The Appellant now appeals his conviction only.

PROSECUTION CASE
The case concerned a covert operation of the Immigration Department by sending 2 decoy officers to pretend as customers in a restaurant.  There is no dispute that the Appellant was inside the restaurant.  He had sneaked into Hong Kong illegally and was not allowed to take up any employment, whether paid or unpaid in Hong Kong.
The prosecution called three immigration assistants as witnesses (PW1, PW2 and PW3).  At trial, the Appellant was represented by counsel assigned by the Duty Lawyer Service Scheme.  The Appellant elected not to give evidence, nor did he call any defence witnesses.  The issue of the case was the identity of the Appellant.
At about 17:31 hours on 8 July 2018, PW1 together with a colleague went to the restaurant located at G/F, 60 Po Tung Road, Sai Kung.  Inside the restaurant, PW1 was in regular contact with his team leader to report his observations in the restaurant.

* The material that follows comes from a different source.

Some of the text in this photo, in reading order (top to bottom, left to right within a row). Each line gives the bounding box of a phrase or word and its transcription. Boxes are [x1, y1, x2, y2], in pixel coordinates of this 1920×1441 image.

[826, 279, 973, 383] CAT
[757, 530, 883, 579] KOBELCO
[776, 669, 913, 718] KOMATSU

PW1 observed three foreign males in the restaurant:
	(i)	one male wearing a blue polo top (“the blue polo top male”);
	(ii)	one male in an all-white chef outfit; and
	(iii)	one male customer (“the Customer”).
PW1 testified that the blue polo top male (not wearing glasses), subsequently:
	(i)	greeted PW1 and his colleague and seated them at a table;
	(ii)	placed 2 menus and 2 glasses of water on the table;
	(iii)	stood at the beverage bar;
	(iv)	used a big ladle to ladle some soup from a big soup pot into a bowl in the front of the kitchen;
	(v)	placed a bowl of soup on PW1’s table and returned to the beverage bar to operate the coffee machine; and
	(vi)	placed two cups of coffee on the beverage bar table.

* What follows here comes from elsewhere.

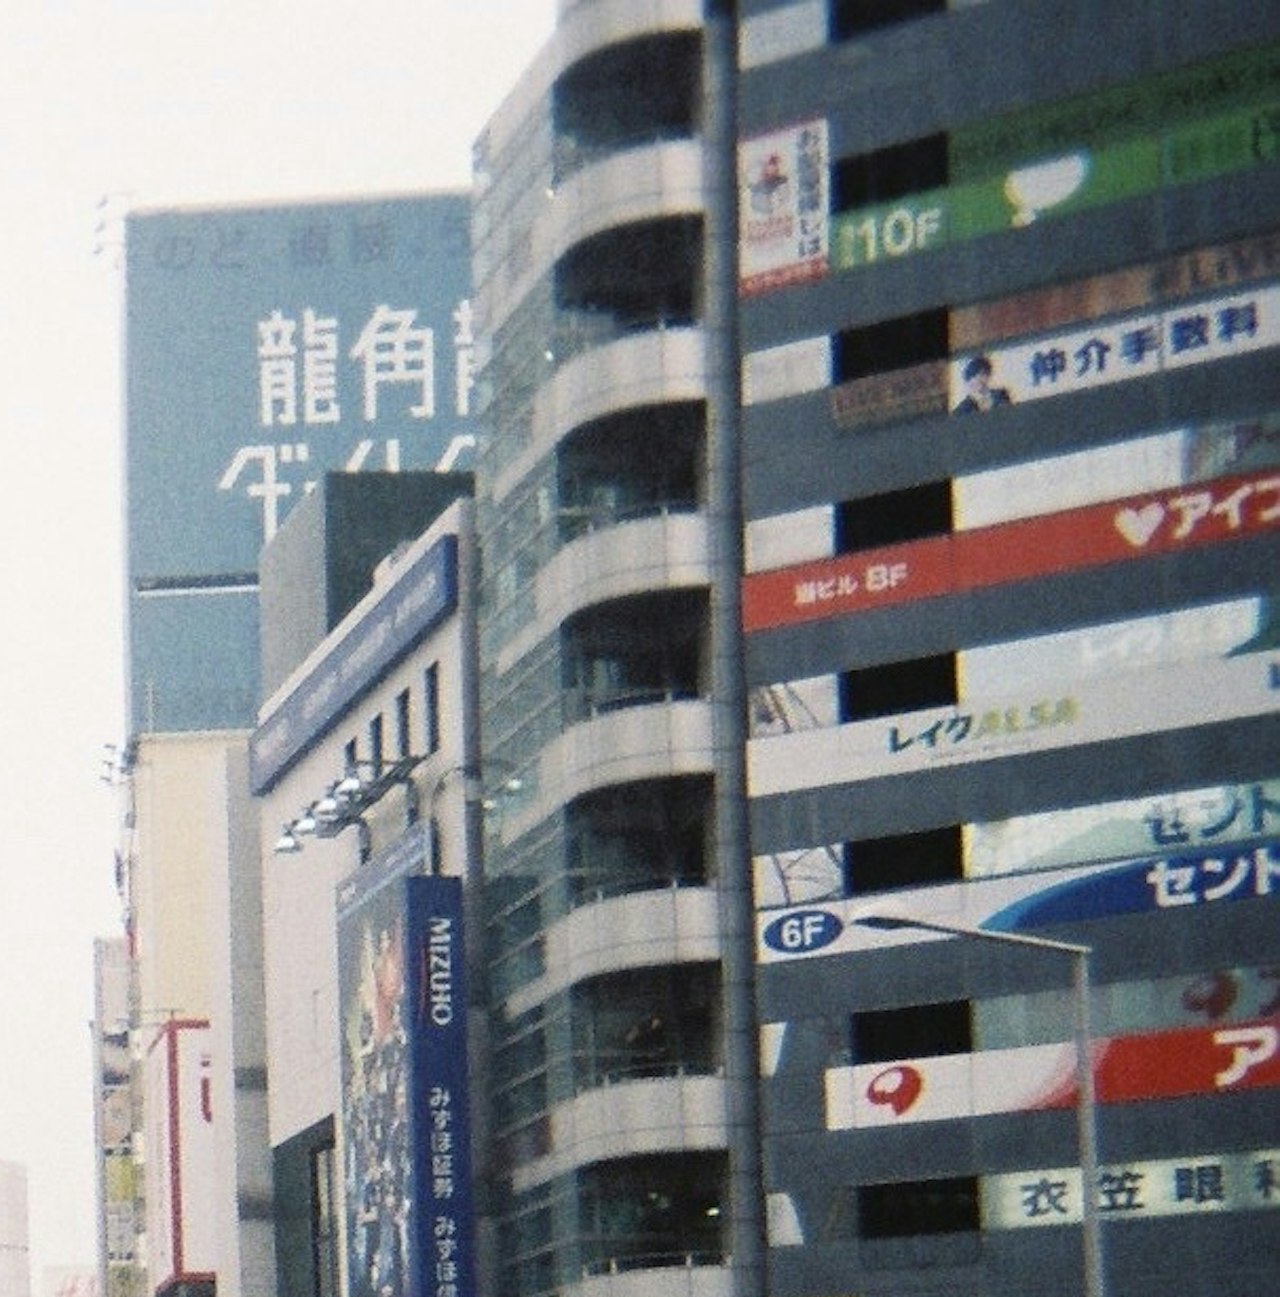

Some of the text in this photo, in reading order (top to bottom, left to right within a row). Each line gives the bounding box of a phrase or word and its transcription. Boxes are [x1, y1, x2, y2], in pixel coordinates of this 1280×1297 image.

[1030, 302, 1259, 386] 仲介手数料
[888, 712, 973, 753] レイク
[781, 914, 824, 950] 6F
[430, 918, 453, 1026] MIZUHO

PW1 also testified that 1 foreigner female staff had taken orders from them.  
At about 17:56 hours on the same day, the operation turned overt.  PW2 together with the team leader and members went into the restaurant.  They revealed their identities and purpose of the visit.  PW2 said he saw a male wearing blue polo top coming out from the back door (the rear exit).  As his outfit matched the description by the team leader, PW2 approached this male who was identified as the Appellant.  PW1 said he had concentrated on the blue polo top male who had served him until he was approached by PW2.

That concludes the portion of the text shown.